Mobility Rental Seoul: Wheelchairs, Strollers & Tips

Two travelers, the same question. One is planning a trip with an aging parent who can manage short walks but tires after an hour of sightseeing. The other is bringing a 14-month-old who refuses to sit still in a stroller — except when he actually does. Both end up Googling the same thing: should I bring my own gear, or rent it in Seoul?

If you’ve ever lugged a full-size stroller through Incheon Airport, jammed a wheelchair into an AREX train, or watched a baggage handler drop your folded rollator onto a conveyor belt, you already know the answer leans toward renting. Seoul is mostly modern and mostly accessible, but the city has its quirks — old districts with narrow sidewalks, subway stations where the elevator is at the far end, and traditional markets where wheels don’t always roll smoothly.

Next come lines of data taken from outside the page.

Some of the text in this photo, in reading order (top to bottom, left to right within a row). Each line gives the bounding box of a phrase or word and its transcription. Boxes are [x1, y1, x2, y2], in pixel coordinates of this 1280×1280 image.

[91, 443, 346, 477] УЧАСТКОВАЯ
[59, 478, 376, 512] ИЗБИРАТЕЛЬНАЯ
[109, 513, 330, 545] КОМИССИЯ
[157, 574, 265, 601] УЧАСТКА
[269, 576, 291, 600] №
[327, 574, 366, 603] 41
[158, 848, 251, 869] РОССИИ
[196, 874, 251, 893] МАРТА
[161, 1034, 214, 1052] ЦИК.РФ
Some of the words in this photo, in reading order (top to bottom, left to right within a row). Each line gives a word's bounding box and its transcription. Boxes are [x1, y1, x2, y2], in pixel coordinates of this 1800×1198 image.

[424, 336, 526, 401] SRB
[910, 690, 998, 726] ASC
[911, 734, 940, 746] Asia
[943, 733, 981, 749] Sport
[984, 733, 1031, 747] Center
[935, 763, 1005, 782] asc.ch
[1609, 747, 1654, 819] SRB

This guide covers what KPLANZ rents in the mobility category — wheelchairs, rollators, and strollers — plus some honest accessibility notes for getting around Seoul. The whole point of our shop is to help you pack less and care more, and mobility gear is where that idea pays off the most.

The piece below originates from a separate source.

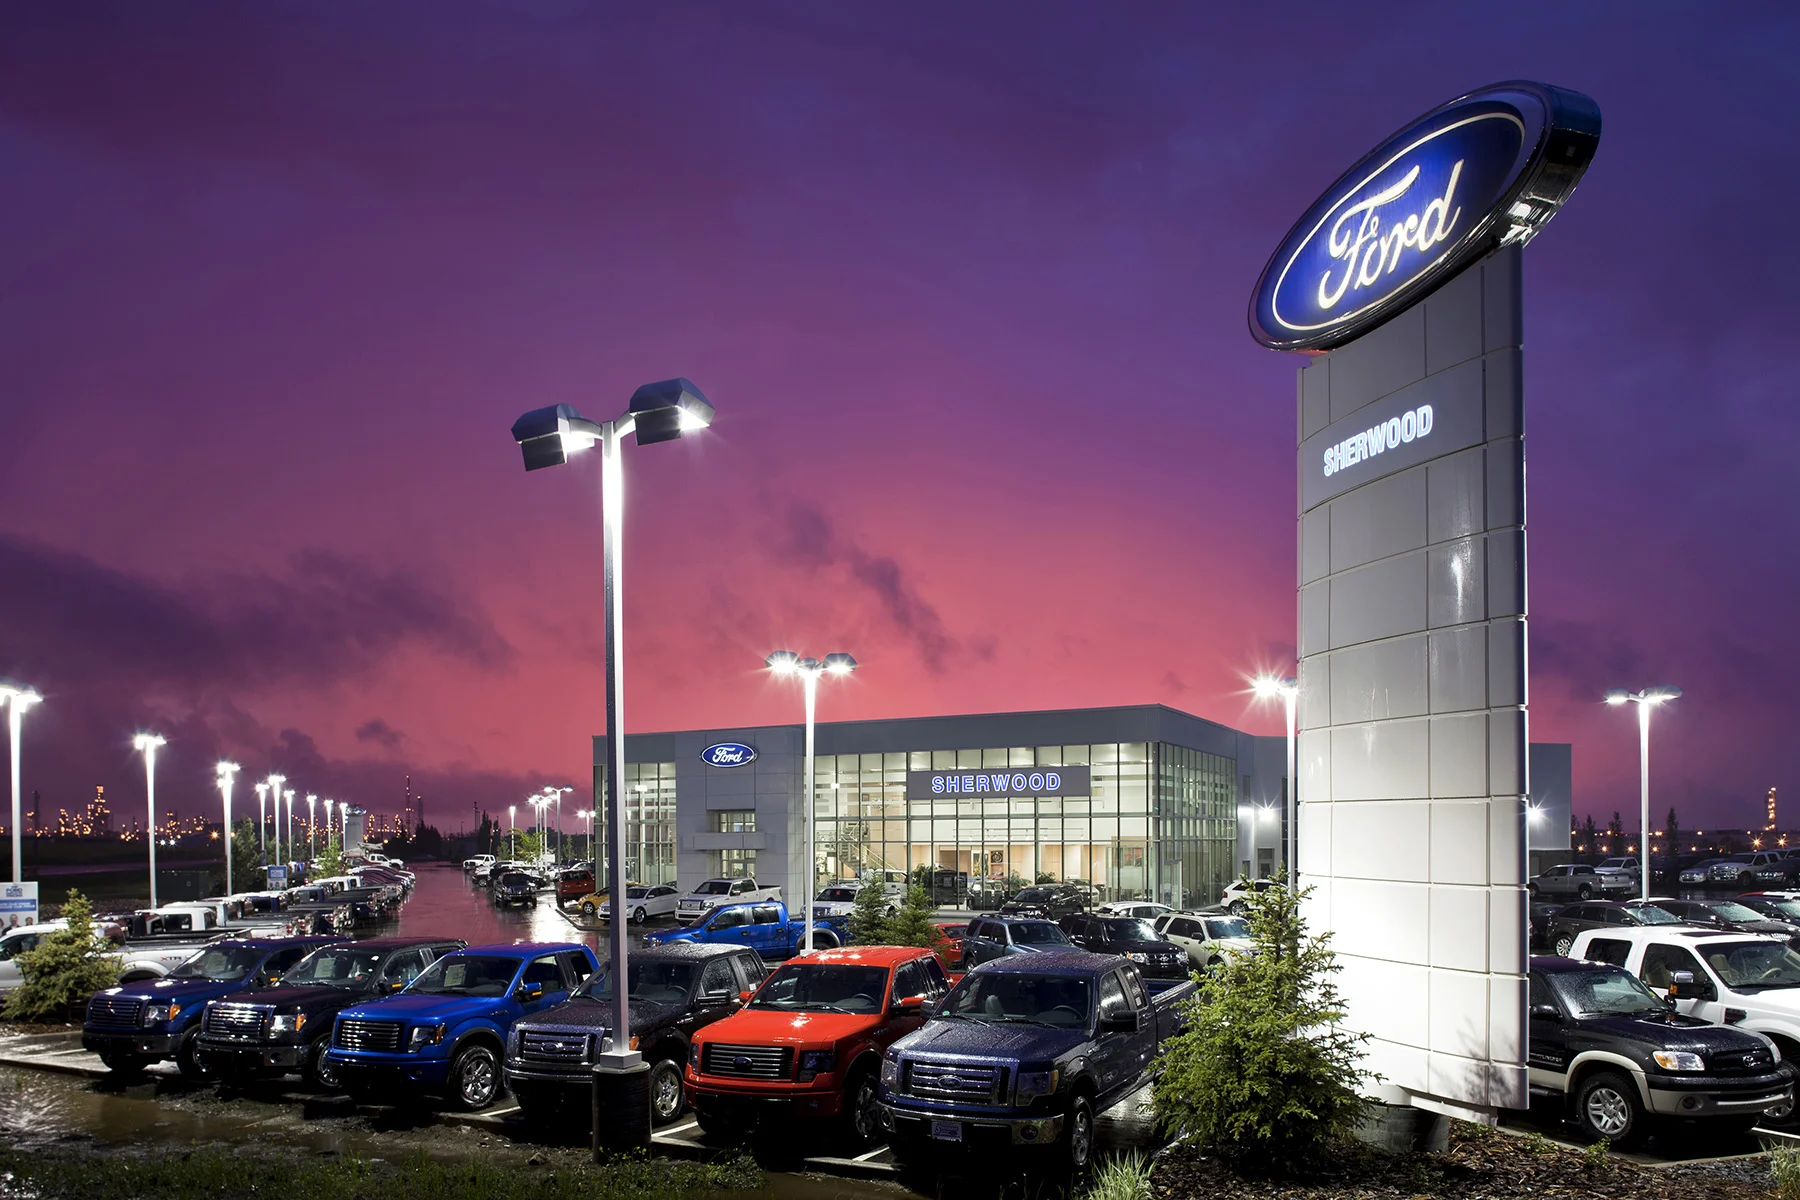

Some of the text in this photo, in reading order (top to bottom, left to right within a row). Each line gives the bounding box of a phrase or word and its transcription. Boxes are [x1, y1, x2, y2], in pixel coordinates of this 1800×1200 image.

[1318, 158, 1464, 309] Ford
[1323, 404, 1434, 477] SHERWOOD
[712, 746, 743, 763] Ford
[931, 772, 1062, 794] SHERWOOD

Should You Bring Your Own, or Rent Locally?

There are good reasons to bring your own equipment. If your parent has a specific wheelchair they’re used to, or your child’s stroller is the only one that puts them to sleep, the familiarity is worth a lot. But for most travelers, three things tip the scales toward renting in Seoul:

Airline baggage friction. Strollers and wheelchairs can usually be checked free of charge, but they get tossed around in the hold. Repairs in a foreign country are slow and expensive. Bulky items also slow you down at every transit point — customs, the AREX platform, hotel check-in.

Multi-city itineraries. If Seoul is one stop on a longer Asia trip, dragging mobility gear between hotels and airports turns into the dominant logistical headache. Renting at one city and returning before you fly out cleans up the whole itinerary.

Short trips with elderly parents. Many travelers don’t own a wheelchair at home but realize they’ll need one for a week of palace walking, market browsing, and shopping district crowds. Renting solves a problem that doesn’t exist back home.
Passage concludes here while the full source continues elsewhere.